No final das Guerras Liberais, o palacete foi devolvido aos seus proprietários que o viriam a alugar à Tipografia Comercial Portuense e posteriormente à Junta da Província do Douro Litoral que em 1945 instalou o Museu de Etnografia e História, considerado um dos mais ricos do País. Devido a sinas de degradação, potenciados por um incêndio ocorrido em 1984, o palácio foi encerrado desde 1992 e até hoje. E o acervo do Museu onde está ?  Já fiz esta pergunta várias vezes, mas ninguém me responde...Mas no site da Câmara, no local referente à Toponímia da Cidade, 10 anos depois de fechado ainda refere que lá está o Museu. Como este site é só actualizado para reverenciar o querido Presidente Rui Rio, tudo que não lhe diga respeito nem sequer conta para a história. Adiante.

No Largo chamado então de Nossa Senhora da Esperança e nas Muralhas Fernandinas que aqui passavam, rasgava-se a Porta da Esperança. Existia uma Capela dedicada a S. João Baptista, que o Bispo D. Jerónimo de Meneses doou aos Eremitas Calçados de Santo Agostinho. Já nada disso existe, mas temos o Fado, uma das poucas e boas casas da Cidade onde ele ainda se canta. E se come bem, diga-se de passagem.

Ora os Eremitas Calçados de Santo Agostinho acharam a Ermida pouco própria para as suas necessidades e por bem, com o beneplácito do Bispo D. Jerónimo, (e depois com o dos seus sucessores D. Fr. Gonçalo de Morais e D. Fr. João de Valadares para a continuação da obra) iniciaram a construção de uma nova Igreja e Convento. As obras terão começado, segundo uns em 1592, segundo outros em 1613. De quaisquer das formas, demorou a construção muito tempo, sendo dado como concluída em 1779. O arquitecto é desconhecido, mas há quem diga que a fachada do templo pela sua monumentalidade, está desproporcionada entre os seus elementos. Para mim, leigo puro, é uma obra colossal.
Sempre conheci esta fachada negra. Sei que o granito contem elementos negros.
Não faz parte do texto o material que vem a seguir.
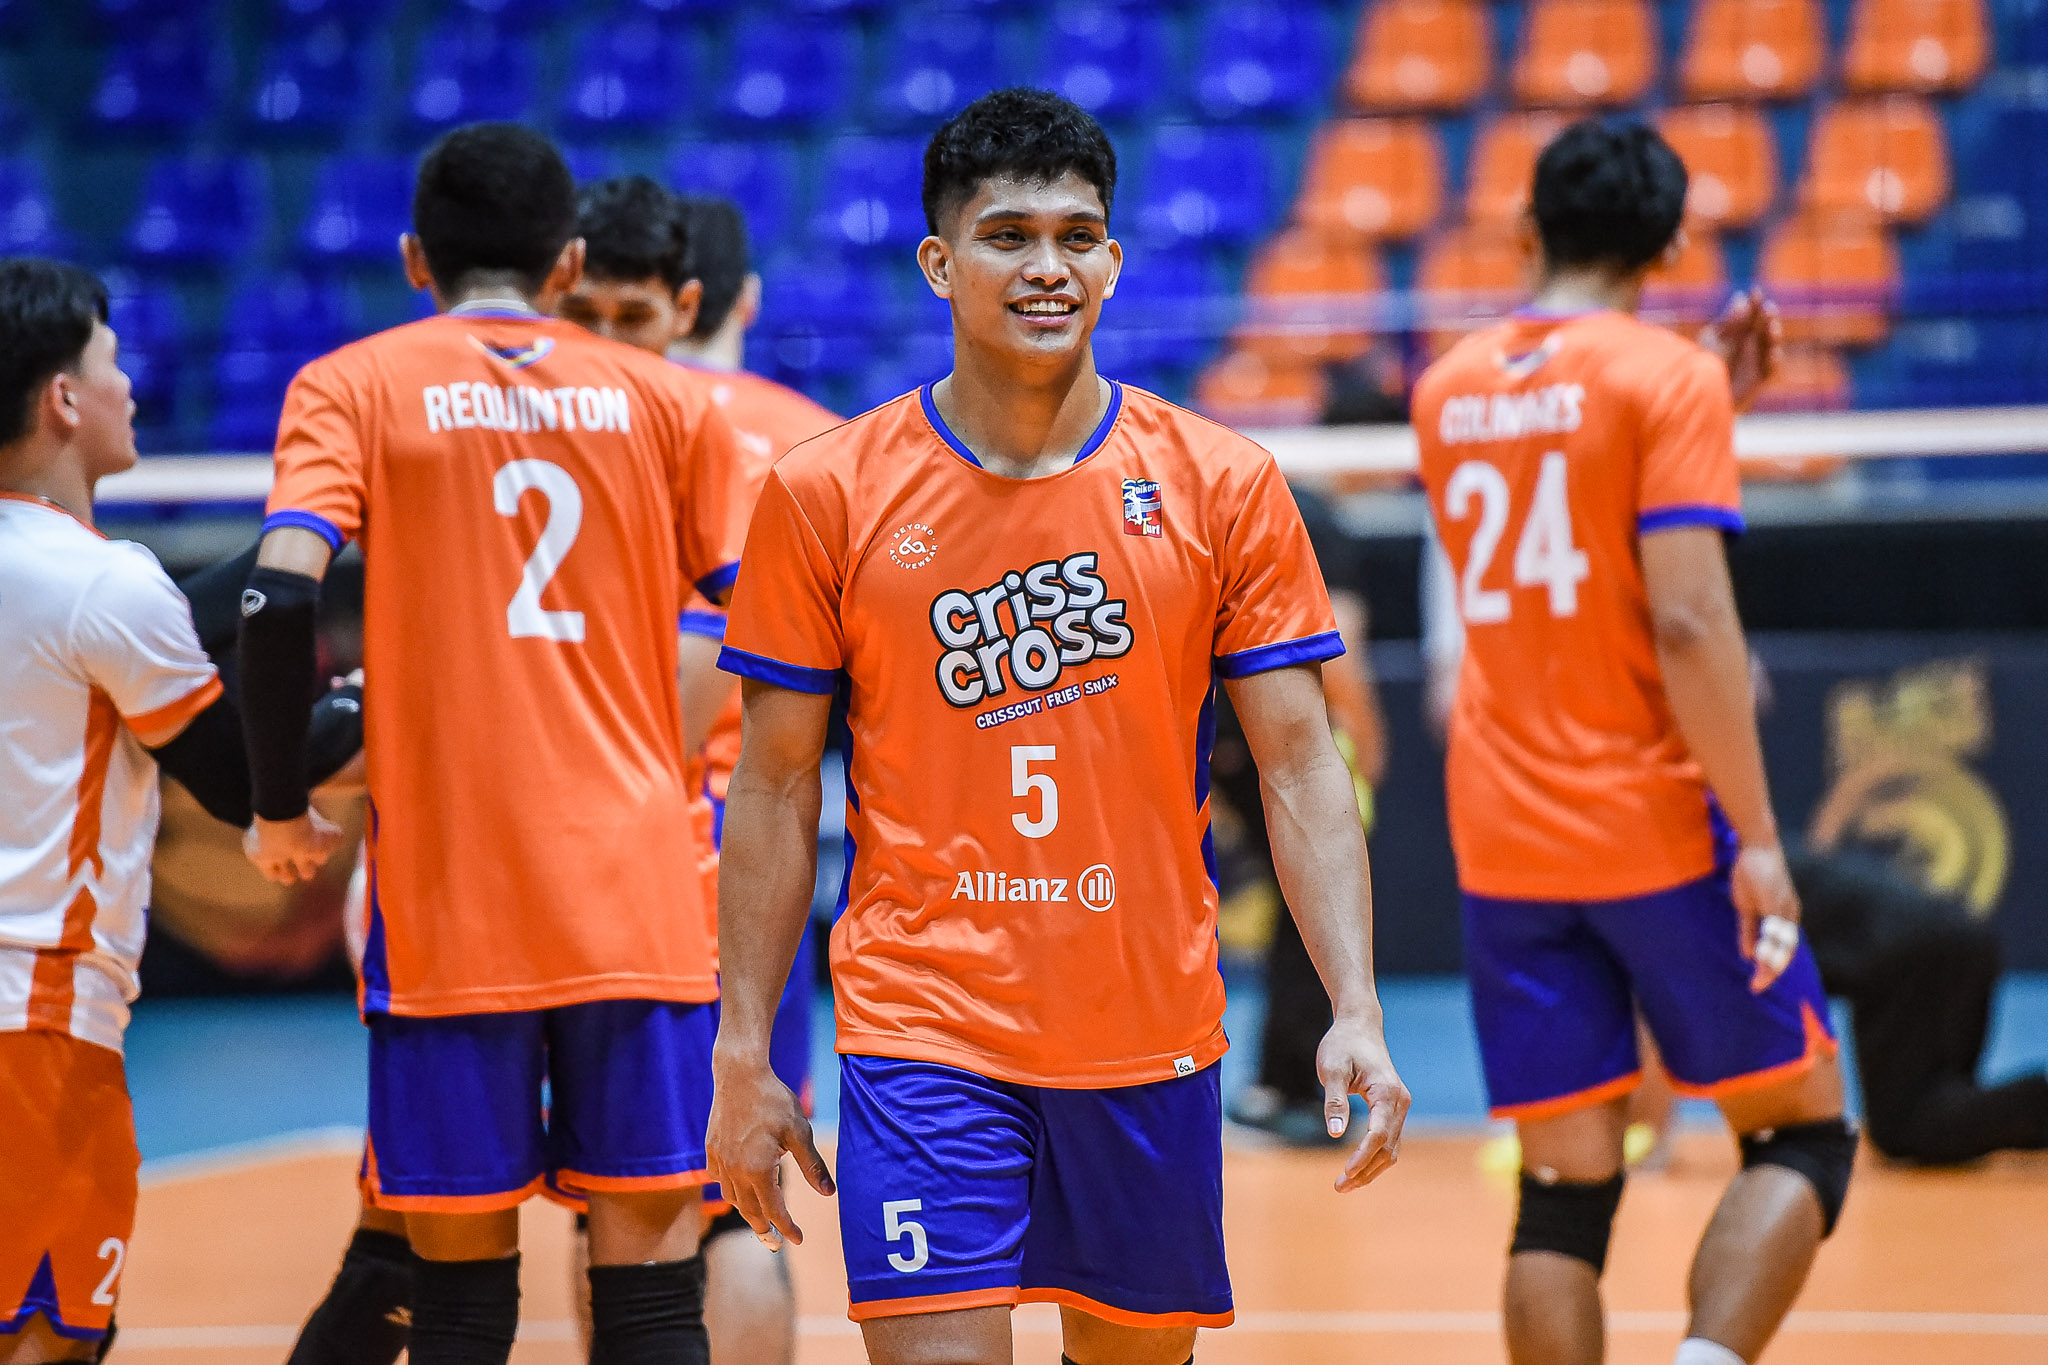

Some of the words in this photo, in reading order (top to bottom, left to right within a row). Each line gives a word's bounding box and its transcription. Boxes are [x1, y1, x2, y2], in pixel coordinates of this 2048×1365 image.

Mas como gostaria de ver um dia esta fachada mais clarinha.

O local na altura chamava-se Sítio da Boavista, S. João do Monte ou de Belomonte. A Igreja e Convento foram dedicados a  São João de Sahagún ou João de São Facundo, nascido Juan Gonzalez de Castrillo Martinez de Sahagun y Cea, na Vila de San Facundo, actual Sahagún (Salamanca, Espanha) em 1419. Ingressou na Ordem dos Agostinianos em 18 de Junho de 1463 e fez a sua profissão de fé em 28 de Agosto de 1464. Foi sacerdote, teólogo, prior do convento de Salamanca, beatificado em 1601 e canonizado em 1690. Faleceu em Salamanca a 11 de Junho de 1479.
Para evitar confusões com tantos S. Joãos, ou como nós portuenses dizemos, S. Joões, o Largo e a Rua ficaram toponìmicamente a chamar-se de S. João Novo.
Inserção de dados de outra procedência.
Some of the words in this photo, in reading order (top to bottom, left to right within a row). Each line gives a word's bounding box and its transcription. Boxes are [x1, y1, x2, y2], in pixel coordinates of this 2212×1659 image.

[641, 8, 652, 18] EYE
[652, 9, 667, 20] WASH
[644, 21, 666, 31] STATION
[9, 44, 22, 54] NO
A Igreja guarda obras de arte dos séculos XVII e XVIII, entre outras. Os azulejos que em parte a revestem são de 1741.
Quando olho a abóboda em pedra e a sua altura, fico com um sentir de insignificancia. Provàvelmente é esta a Igreja da Cidade que mais me arrepia. 
Devido à extinsão das Ordens religiosas o Convento foi abandonado em 1832. Desde 1863 o Tribunal Criminal e Correccional do Porto foi aqui instalado conservando o antigo nome do convento. Ainda hoje por cá se mantém. É o Tribunal de S. João Novo pura e simplesmente.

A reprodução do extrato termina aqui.